TASK GOAL: Reproduce the data below in full and exclude every picture.

Excerpts from a dataset:
===============

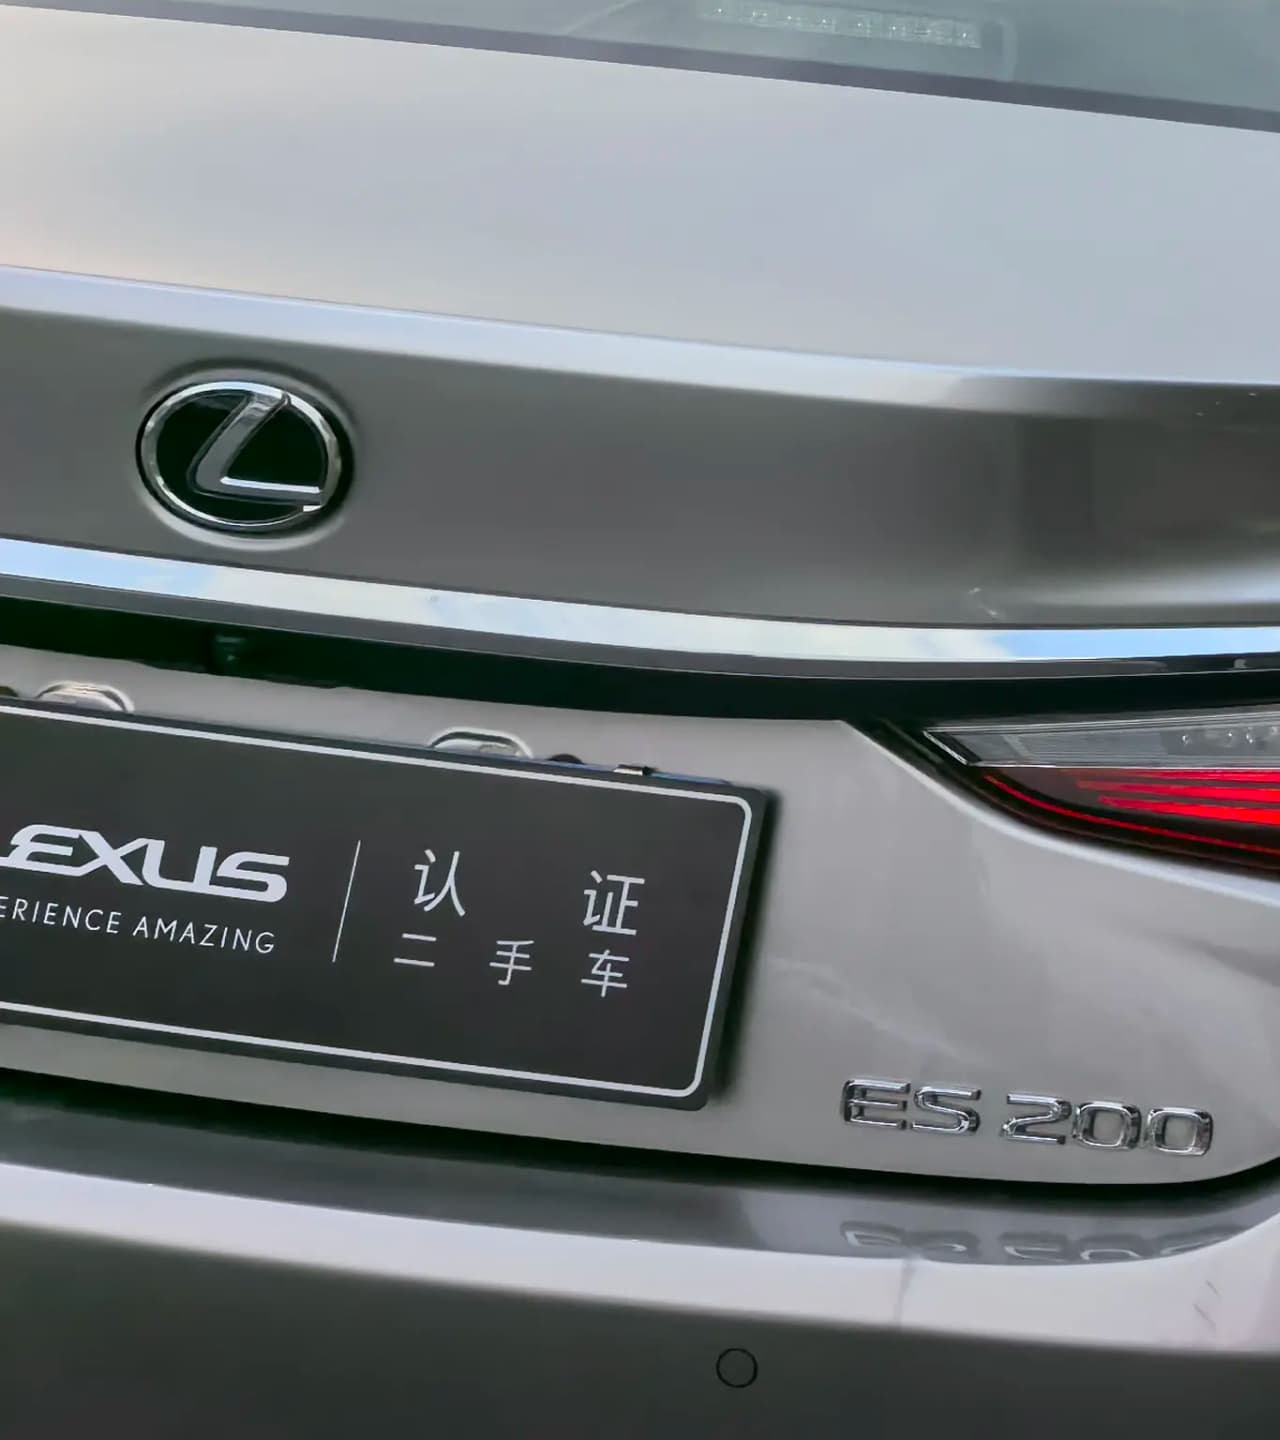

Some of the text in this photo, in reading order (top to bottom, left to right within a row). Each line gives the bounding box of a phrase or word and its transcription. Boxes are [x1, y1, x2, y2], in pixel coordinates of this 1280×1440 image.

[0, 824, 290, 903] EXUS
[132, 916, 275, 954] AMAZING
[393, 932, 629, 998] 二手车
[841, 1077, 1214, 1157] ES 200
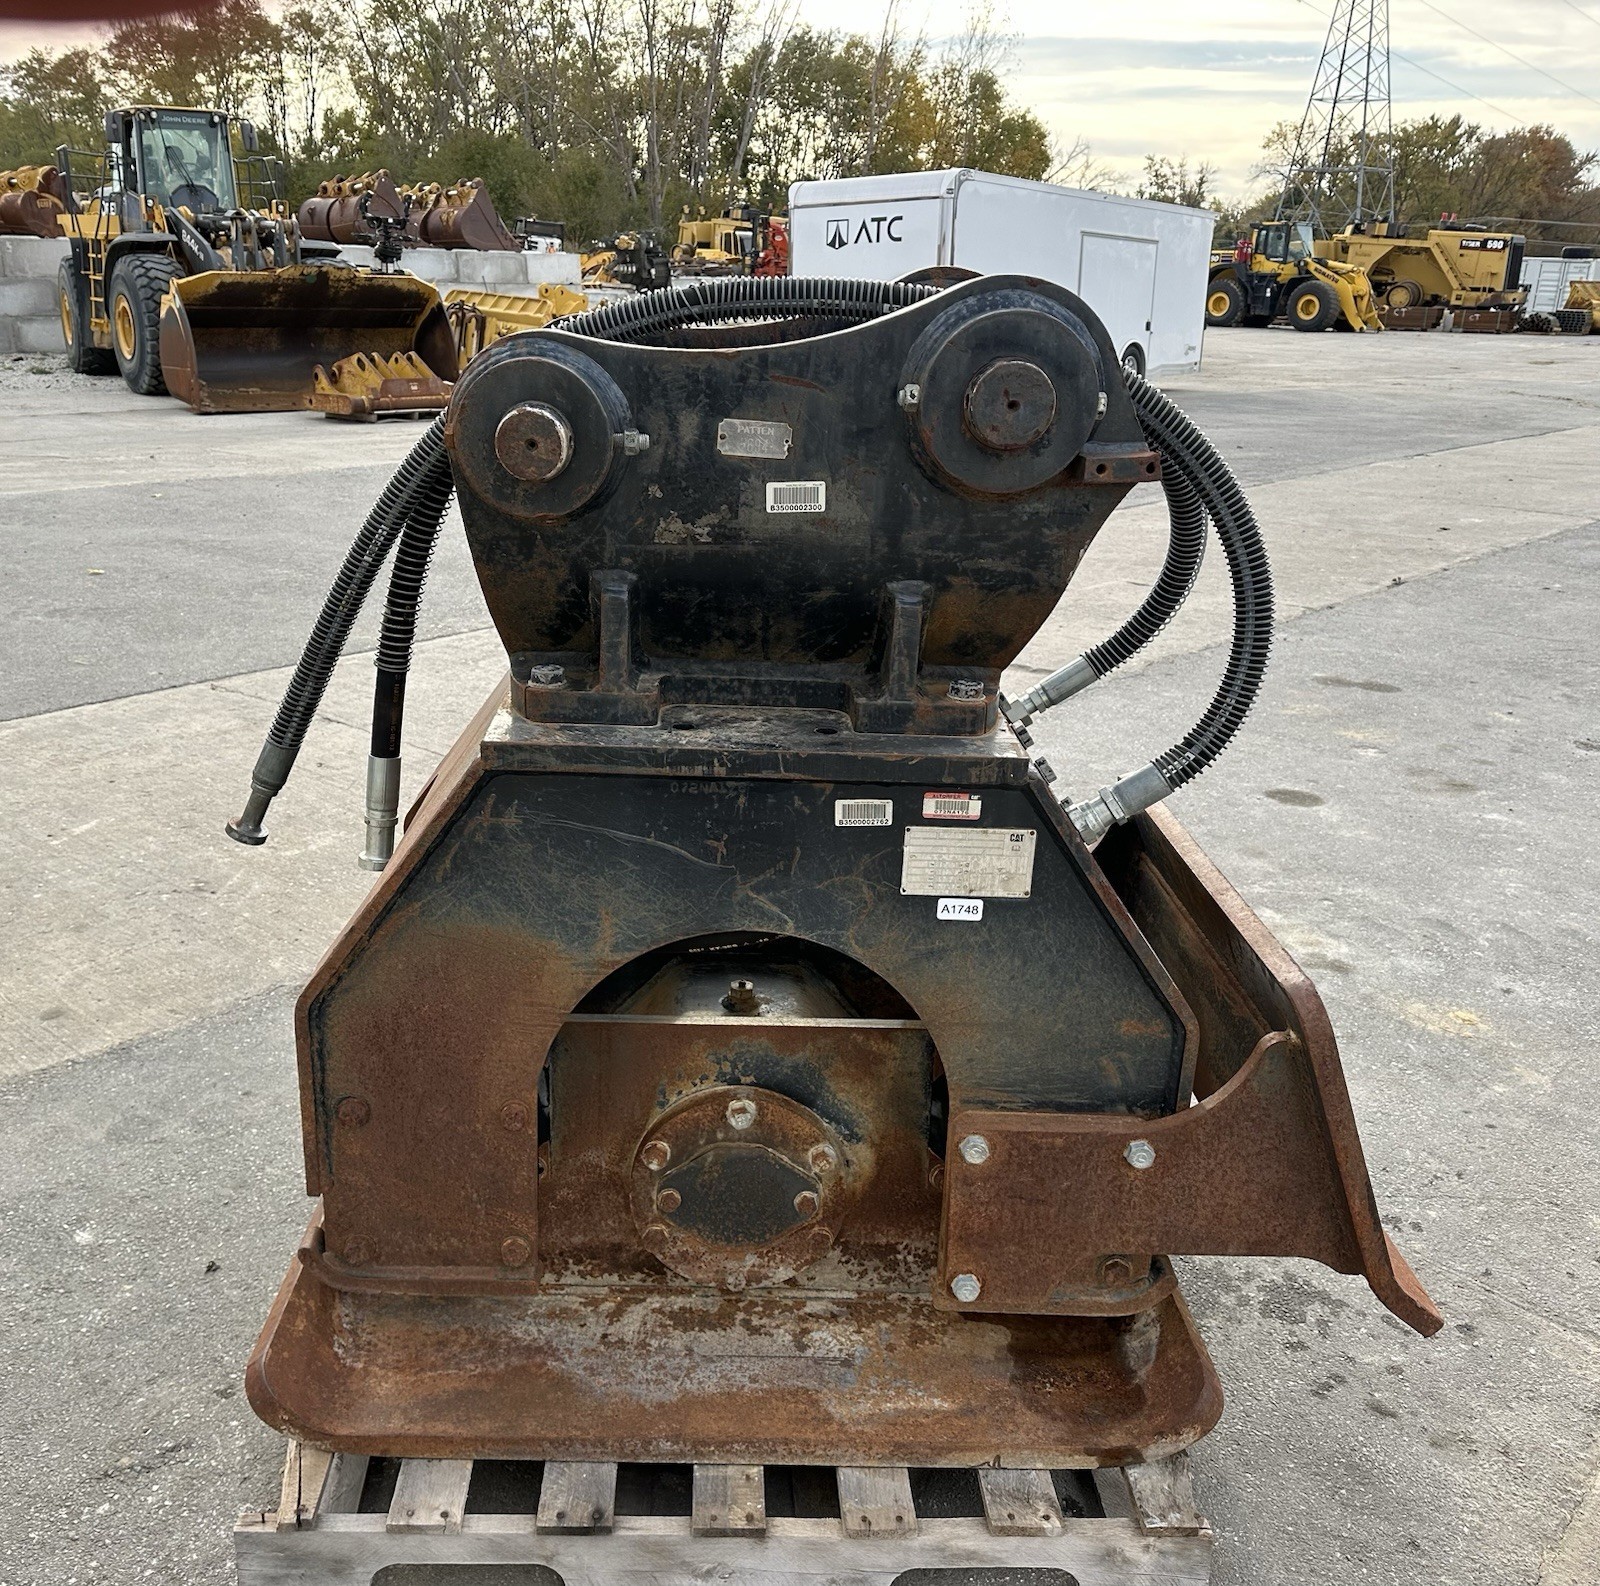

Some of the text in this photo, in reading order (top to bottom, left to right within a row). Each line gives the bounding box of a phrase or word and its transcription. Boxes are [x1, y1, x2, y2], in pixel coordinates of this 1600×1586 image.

===============

RESULT:
Some of the text in this photo, in reading order (top to bottom, left to right within a row). Each line gives the bounding box of a phrase or word and its transcription. Boxes are [x1, y1, x2, y2], in pixel coordinates of this 1280×1440 image.

[0, 824, 290, 903] EXUS
[132, 916, 275, 954] AMAZING
[393, 932, 629, 998] 二手车
[841, 1077, 1214, 1157] ES 200

Some of the text in this photo, in reading order (top to bottom, left to right within a row). Each line gives the bounding box of a phrase or word and its transcription. Boxes are [x1, y1, x2, y2], in pixel coordinates of this 1600×1586 image.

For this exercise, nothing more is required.